Ongoing randomized controlled trials of geriatric interventions in older patients with solid malignancies registered with the US National Institutes of Health
| Clinical trial identifier Sponsor/country | Study title |
|---|---|
| NCT01321658 Oslo University Hospital, Norway |
Geriatric intervention in frail elderly patients with colorectal cancer |
| NCT02054741 University of Rochester, MN, USA |
Geriatric assessment intervention in reducing chemotherapy toxicity in older patients with advanced cancer |
| NCT01915056 University of Rochester, MN, USA |
A geriatric assessment intervention for older cancer patients receiving chemotherapy |
| NCT01416168 H Lee Moffitt Cancer Center and Research Institute, FL, USA |
Pilot study of a geriatric intervention after colorectal and lung cancer surgery |
| NCT02025062 Assistance Publique Hôpitaux de Paris, France |
Comprehensive geriatric assessment and head and neck elderly cancer patients: Protocol for a Multicentre Randomized Controlled Trial (EGeSOR) |
| NCT02000011 Assistance Publique Hôpitaux de Marseille, France |
Interest of a geriatric intervention plan associated to a comprehensive geriatric assessment on autonomy, quality of life and survival of patients aged 70 years old and more surgically treated for a resectable cancer (thoracic, digestive, or urologic).

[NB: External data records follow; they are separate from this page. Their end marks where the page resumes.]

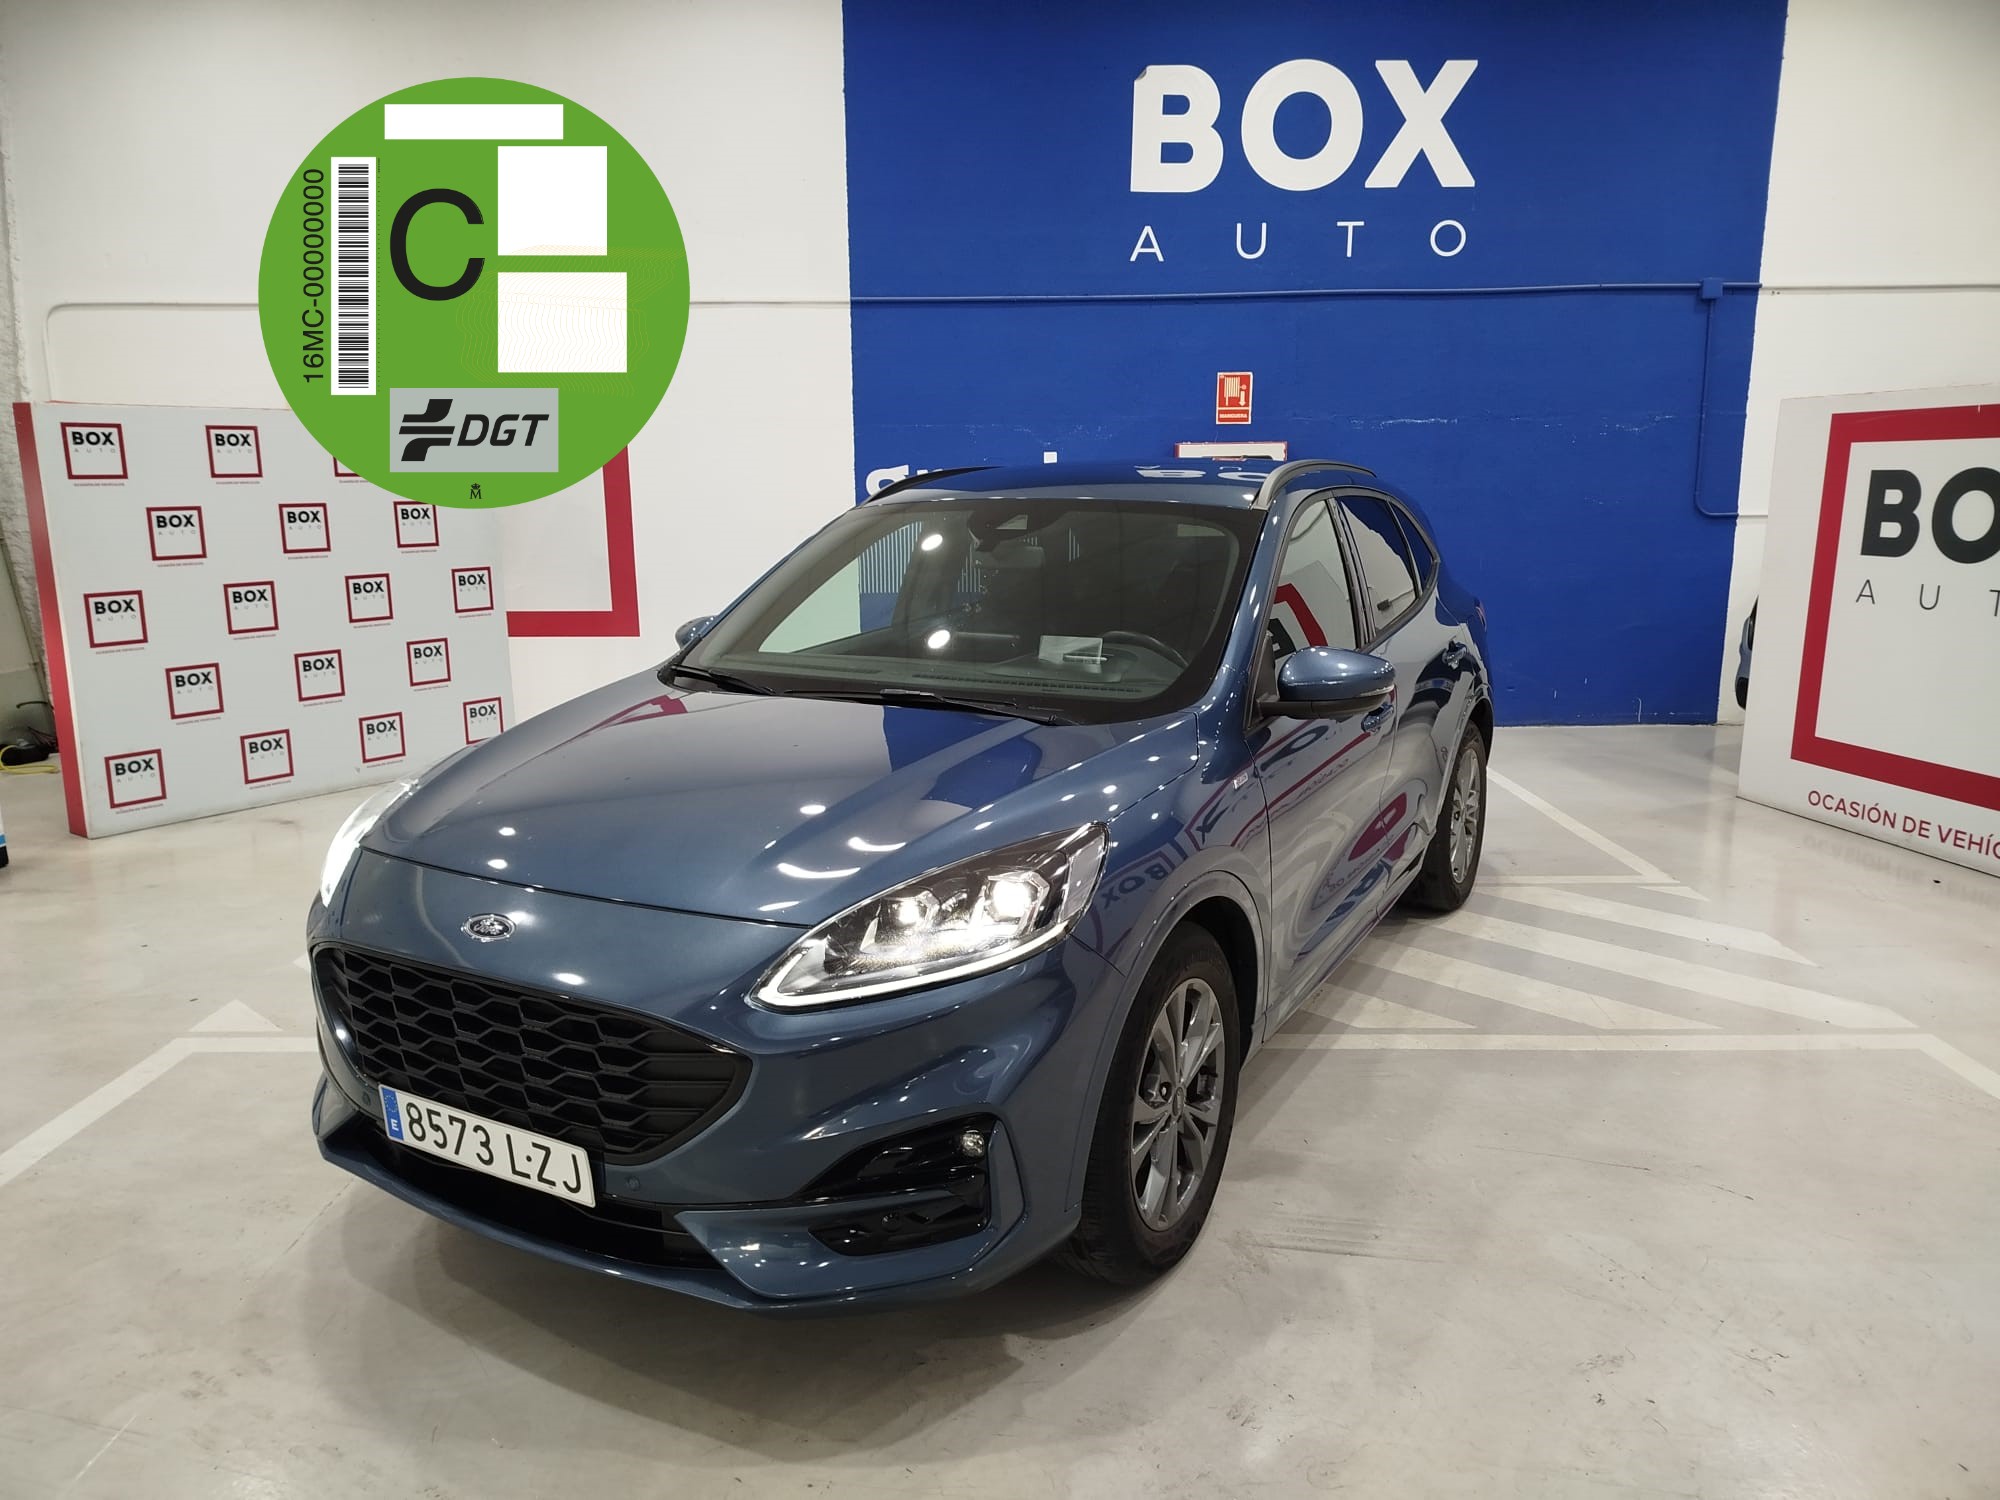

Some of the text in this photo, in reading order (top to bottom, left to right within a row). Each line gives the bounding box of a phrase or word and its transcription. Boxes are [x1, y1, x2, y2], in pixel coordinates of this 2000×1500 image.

[1130, 58, 1478, 193] BOX
[1130, 219, 1467, 262] AUTO
[72, 431, 114, 446] BOX
[215, 433, 252, 447] BOX
[155, 514, 195, 528] BOX
[287, 510, 321, 524] BOX
[400, 507, 431, 520] BOX
[352, 580, 384, 594] BOX
[458, 573, 486, 587] BOX
[232, 588, 268, 603] BOX
[94, 598, 136, 615] BOX
[413, 645, 443, 659] BOX
[302, 657, 336, 672] BOX
[174, 671, 213, 688] BOX
[469, 704, 497, 718] BOX
[366, 719, 397, 735] BOX
[248, 737, 284, 754] BOX
[115, 757, 155, 776] BOX
[1807, 790, 1897, 829] OCASIÓN
[1902, 815, 1931, 839] DE
[405, 1102, 495, 1166] 8573
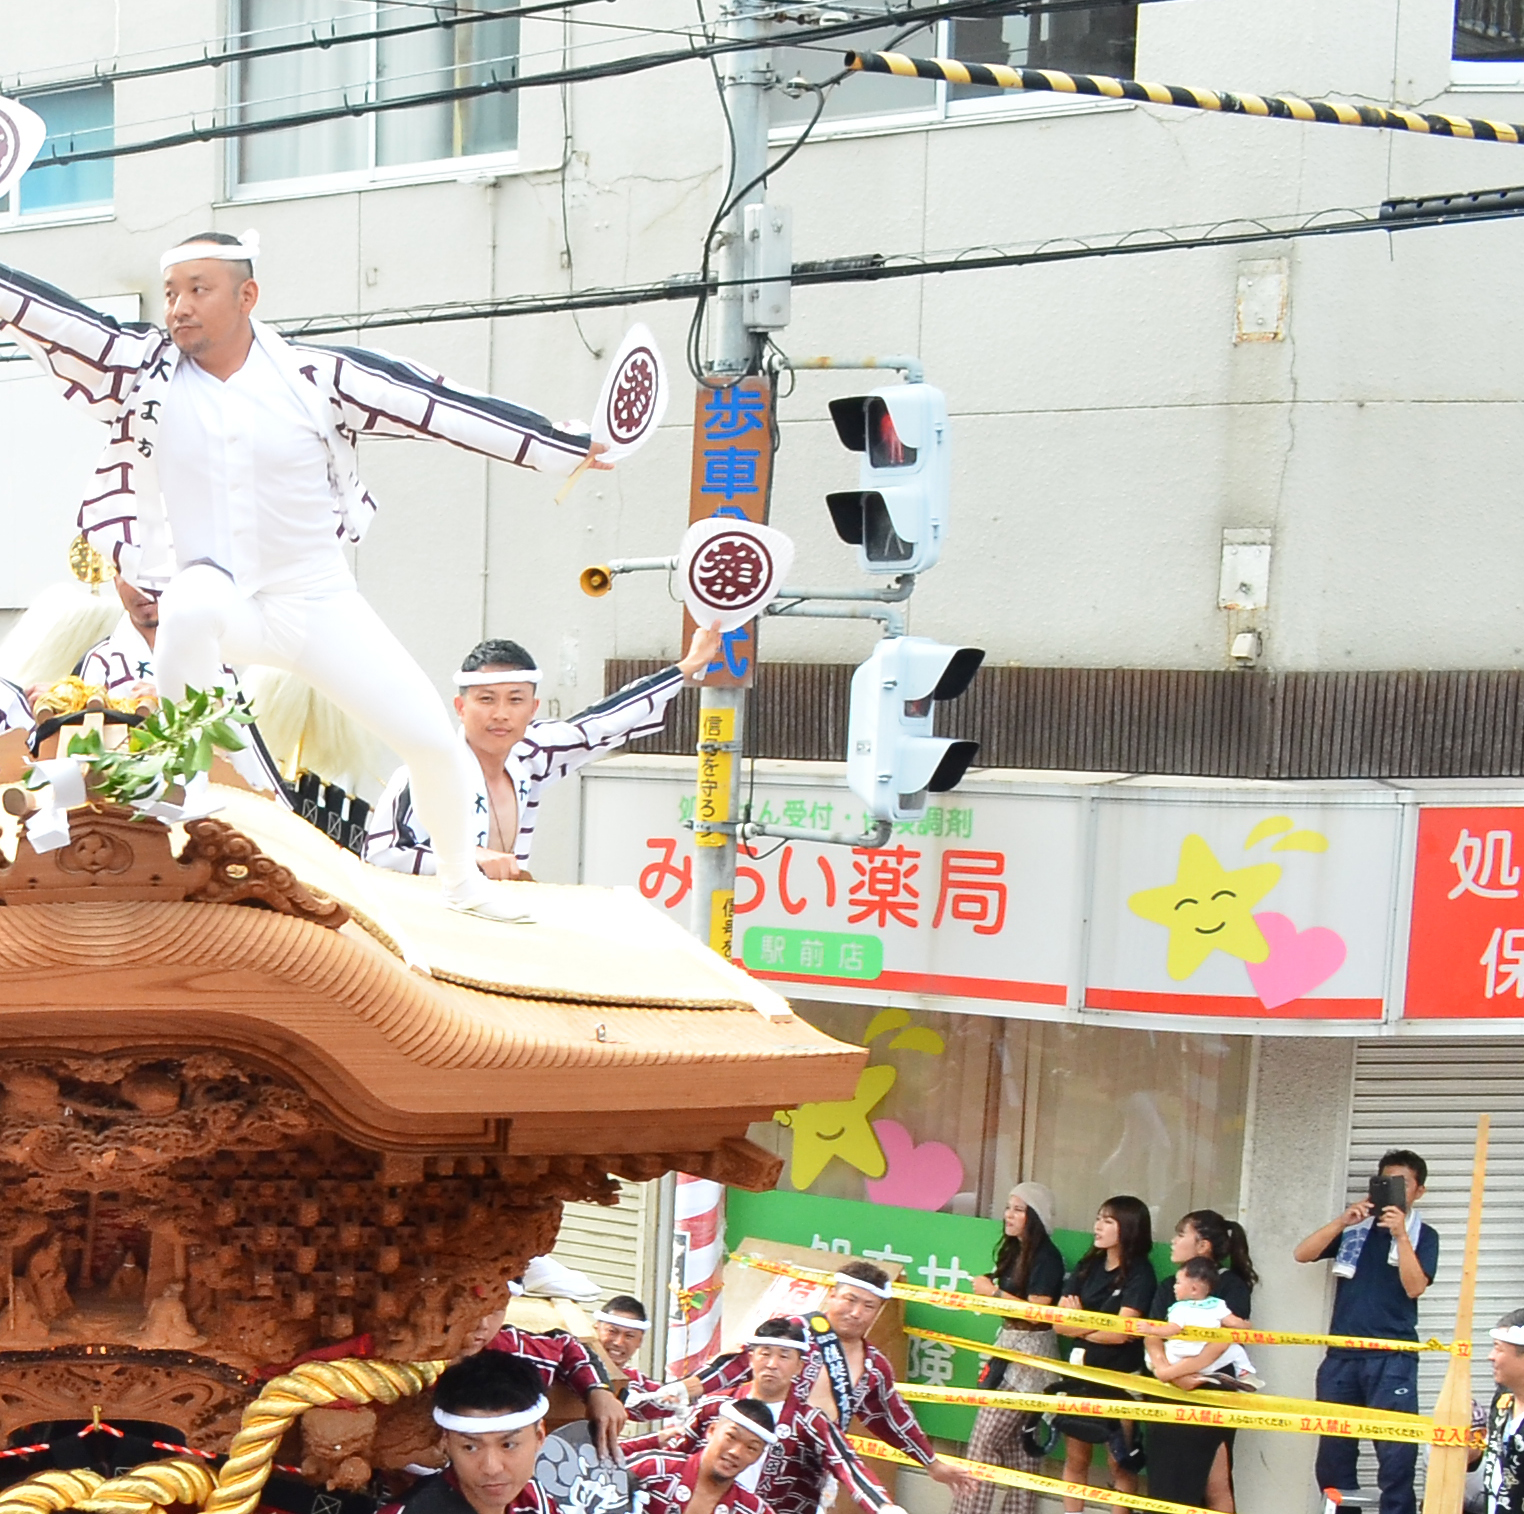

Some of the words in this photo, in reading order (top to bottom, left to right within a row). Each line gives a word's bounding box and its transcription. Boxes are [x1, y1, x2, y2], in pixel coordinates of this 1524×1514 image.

[474, 792, 488, 849] 大工
[761, 937, 865, 972] 駅前店
[1024, 1305, 1065, 1324] 立入禁止
[1056, 1399, 1104, 1415] 立入禁止
[1107, 1404, 1168, 1418] 入らないでください
[1174, 1407, 1225, 1425] 立入禁止
[1228, 1413, 1293, 1428] 入らないでください
[1300, 1416, 1352, 1435] 立入禁止
[1357, 1422, 1425, 1439] 入らないでください

Randomized multicenter study (EPIGAC) |
| NCT01329107 University of Aarhus, Denmark |
Multimodal Rehabilitation Program to Bladder Cancer patients (MRPBC) |
Conclusion
All CGA types detect numerous unrecognized health problems that may interfere with cancer treatment and/or compete with cancer as a cause of death. CGA results affected treatment decisions in 21%–49% of patients in available studies. The results of 17 studies with large sample sizes and multivariate analyses indicate independent associations linking functional impairment, malnutrition, depressive symptoms, and comorbidities to chemotoxicity and/or overall survival. Only three randomized trials of the effectiveness of CGA-based interventions have been published. Further research to produce high-level evidence about the effects of CGA on patient outcomes are needed.
Acknowledgments
This paper is published on behalf of the ELCAPA Study Group, which comprises three oncologists (S Culine, Ch Tournigand, B Rousseau), one radiotherapist (J-L Lagrange), five geriatricians (P Caillet, M Laurent, E Liuu, E Paillaud, H Vincent), three epidemiologists (F Canouï-Poitrine, S Bastuji-Garin, E Audureau), one pharmacist (M Carvahlo-Verlinde), one biostatistician (A Le Thuaut), one clinical research medical doctor (N Reinald), and one clinical research assistant (A Radenne). We thank A Wolfe for editing the manuscript.
Footnotes
Disclosure
The authors report no conflicts of interest in this work.